Referring expression grounding data:
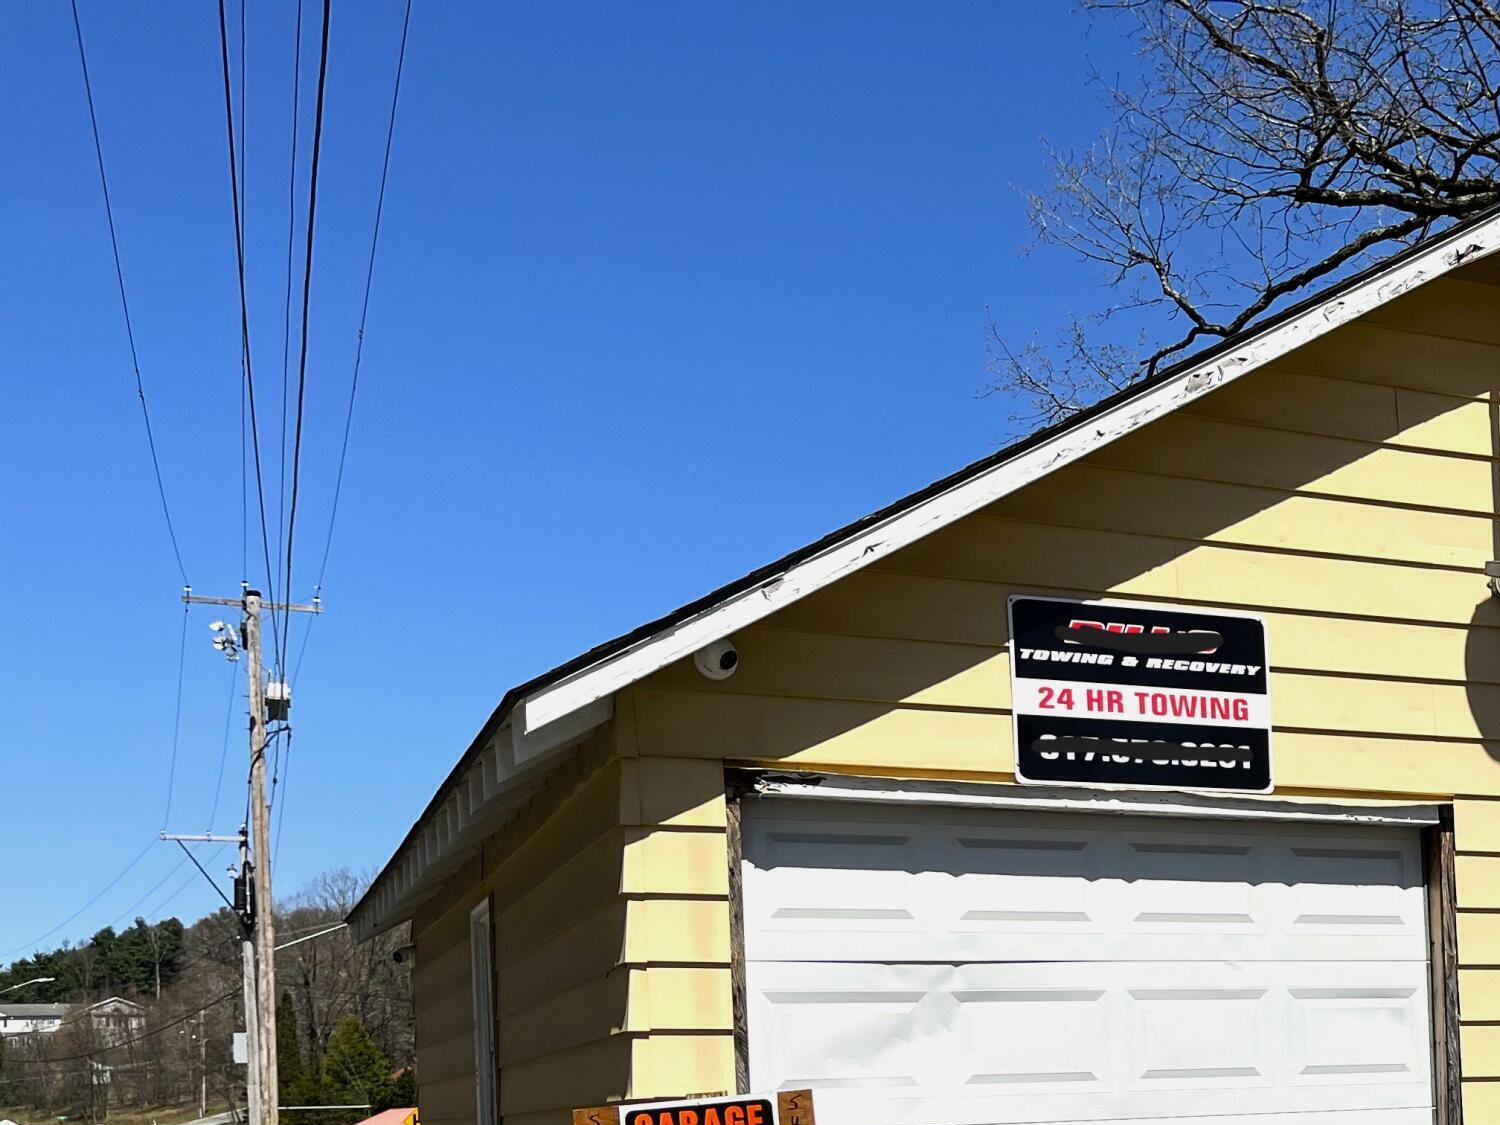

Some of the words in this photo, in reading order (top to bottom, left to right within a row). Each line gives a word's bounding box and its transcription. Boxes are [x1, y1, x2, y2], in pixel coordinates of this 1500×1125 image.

[1019, 648, 1114, 666] TOWING
[1121, 656, 1139, 667] &
[1145, 657, 1262, 676] RECOVERY
[1037, 686, 1075, 710] 24
[1086, 688, 1124, 713] HR
[1133, 691, 1249, 721] TOWING

**Task details**
An exact copy of all the lines above is required, with the pictures removed.

**Exercise output**
Some of the words in this photo, in reading order (top to bottom, left to right within a row). Each line gives a word's bounding box and its transcription. Boxes are [x1, y1, x2, y2], in pixel coordinates of this 1500×1125 image.

[1019, 648, 1114, 666] TOWING
[1121, 656, 1139, 667] &
[1145, 657, 1262, 676] RECOVERY
[1037, 686, 1075, 710] 24
[1086, 688, 1124, 713] HR
[1133, 691, 1249, 721] TOWING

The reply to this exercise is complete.